YOUR ASSIGNMENT
Return exactly the lines from the one that contains "Some of the text" up to the last line of the listing, and nothing else.

INFORMATION
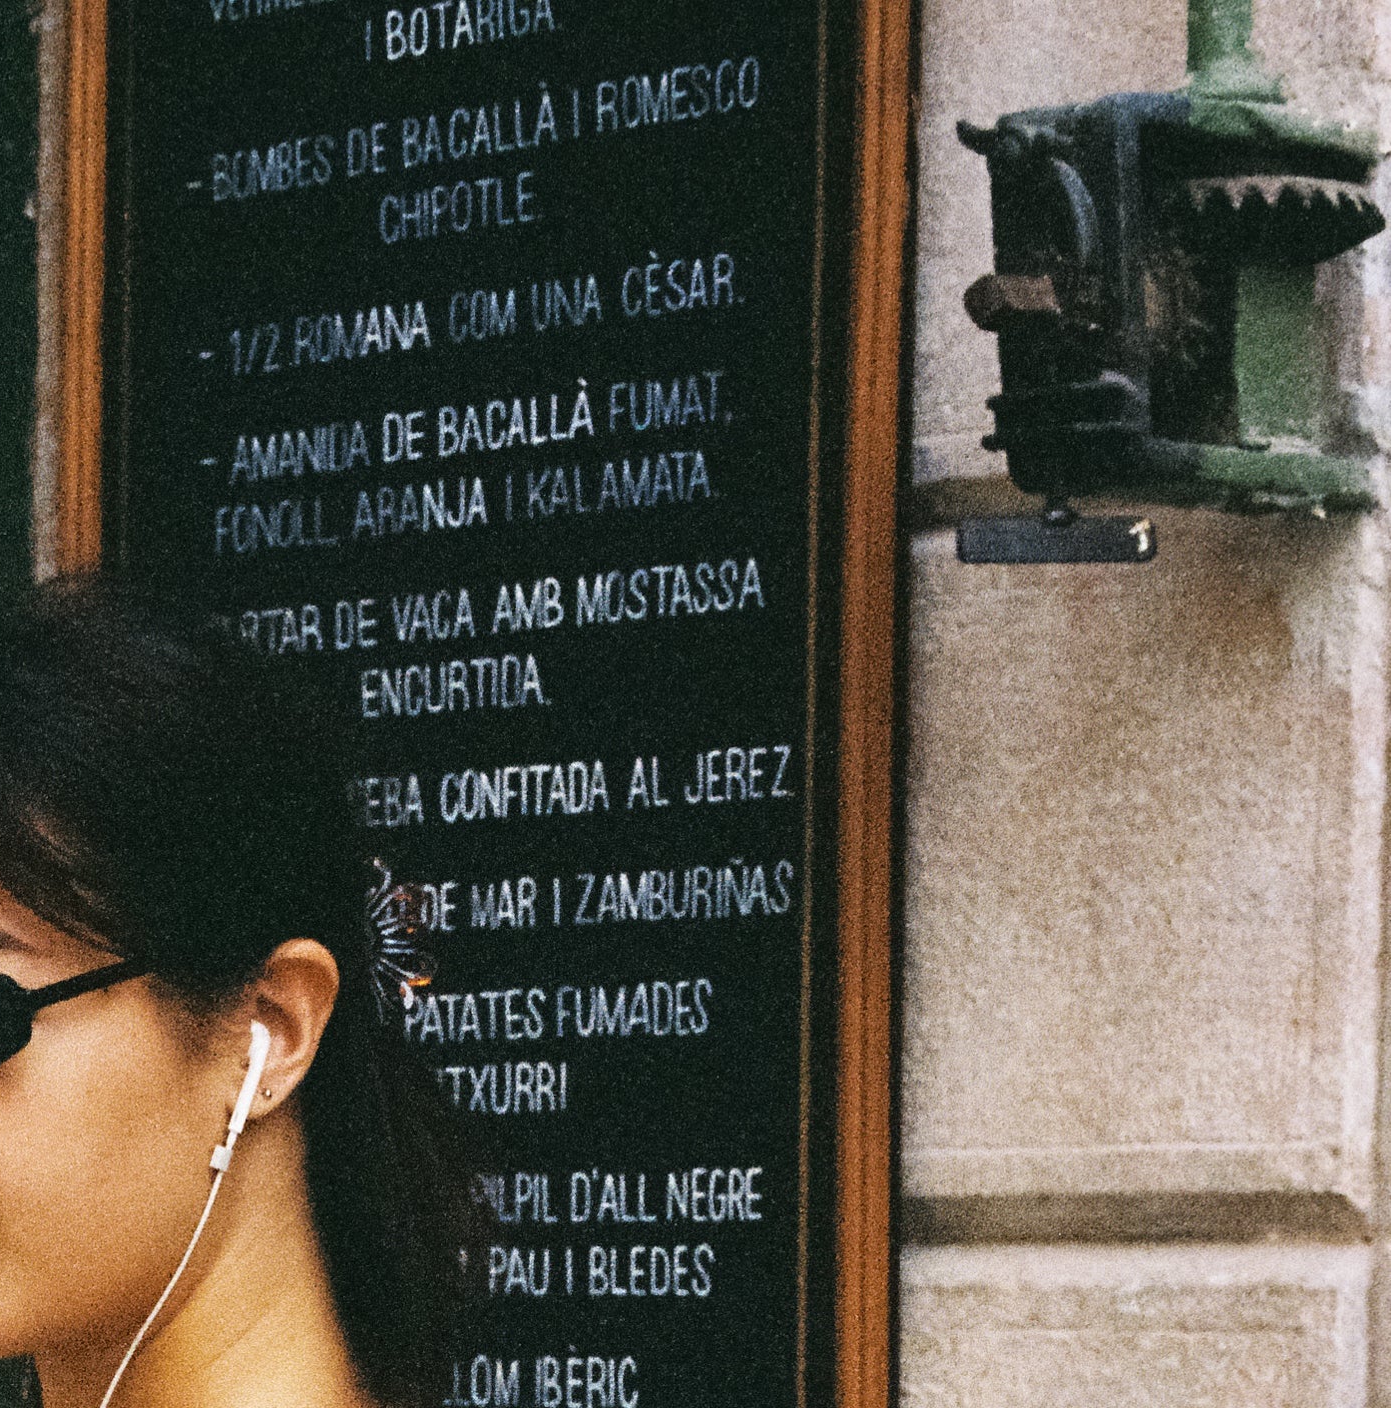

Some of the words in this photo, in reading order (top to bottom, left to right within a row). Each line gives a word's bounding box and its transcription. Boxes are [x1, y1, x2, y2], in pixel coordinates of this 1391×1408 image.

[211, 134, 336, 202] BOMBES
[347, 121, 388, 177] DE
[403, 81, 558, 168] BACALLÀ
[572, 88, 581, 138] I
[596, 55, 760, 133] ROMESCO
[294, 300, 431, 365] ROMANA
[449, 287, 517, 344] COM
[532, 273, 603, 332] UNA
[228, 420, 371, 485] AMANIDA
[382, 410, 426, 463] DE
[437, 376, 595, 457] BACALLÀ
[351, 475, 488, 537] ARANJA
[505, 474, 513, 522] I
[334, 599, 379, 651] DE
[392, 588, 476, 643] VACA
[491, 576, 565, 634] AMB
[575, 557, 765, 629] MOSTASSA
[359, 773, 425, 827] EBA
[440, 758, 610, 824] CONFITADA
[627, 755, 669, 810] AL
[470, 874, 537, 930] MAR
[553, 877, 562, 926] I
[574, 856, 795, 926] ZAMBURIÑAS
[404, 986, 547, 1044] PATATES
[556, 978, 712, 1038] FUMADES
[569, 1166, 657, 1224] D'ALL
[666, 1166, 764, 1224] NEGRE
[489, 1244, 551, 1296] PAU
[565, 1248, 573, 1295] I
[588, 1243, 716, 1297] BLEDES
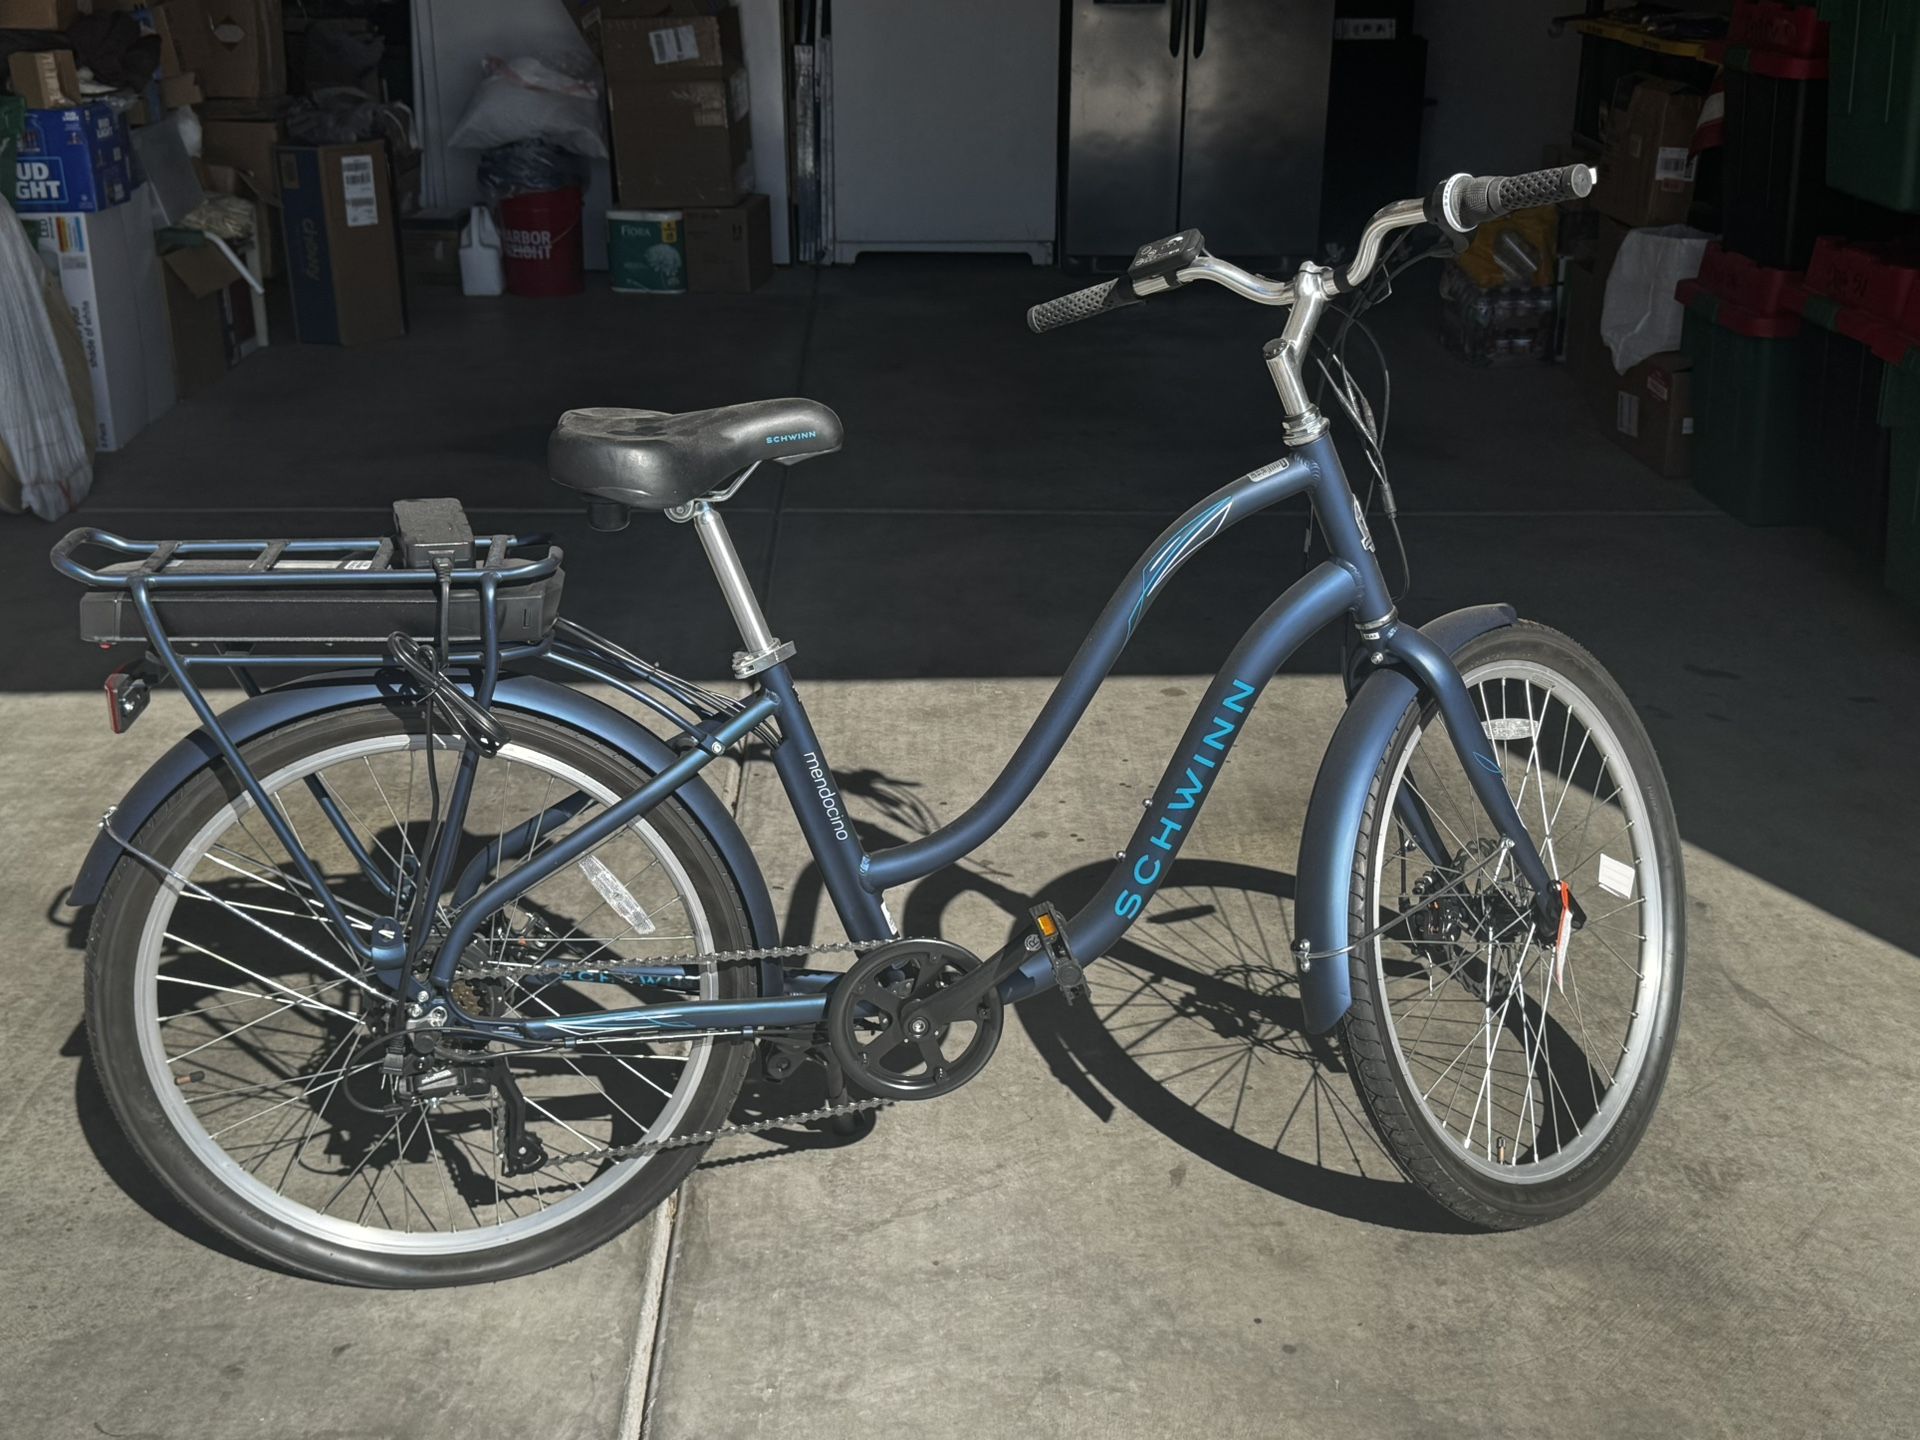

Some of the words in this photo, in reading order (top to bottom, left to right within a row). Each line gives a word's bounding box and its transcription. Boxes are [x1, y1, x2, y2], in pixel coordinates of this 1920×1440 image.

[16, 162, 50, 181] UD
[15, 181, 61, 199] GHT
[503, 229, 552, 246] ARBOR
[766, 431, 817, 444] SCHWINN
[803, 752, 848, 841] mendocino
[1114, 679, 1256, 919] SCHWINN
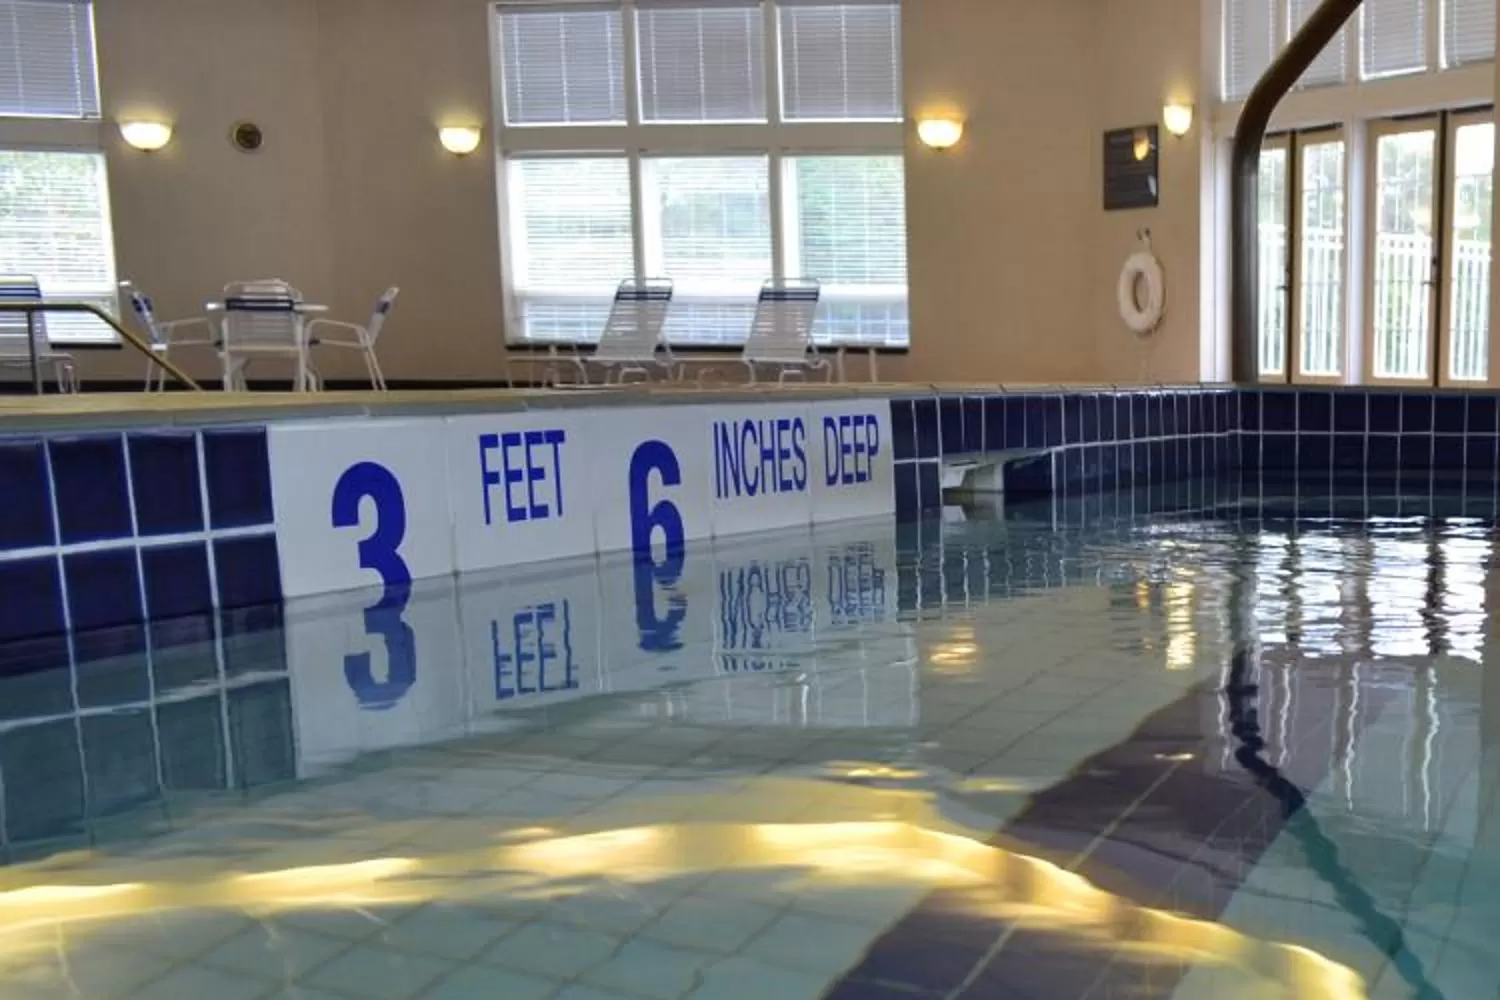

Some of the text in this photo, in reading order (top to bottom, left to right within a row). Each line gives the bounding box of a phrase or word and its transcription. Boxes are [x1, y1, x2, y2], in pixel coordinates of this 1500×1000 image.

[332, 414, 879, 600] 3 FEET 6 INCHES DEEP

REPLY TO THE TASK
Some of the text in this photo, in reading order (top to bottom, left to right within a row). Each line gives the bounding box of a phrase or word and its transcription. Boxes are [x1, y1, x2, y2], in pixel coordinates of this 1500×1000 image.

[332, 414, 879, 600] 3 FEET 6 INCHES DEEP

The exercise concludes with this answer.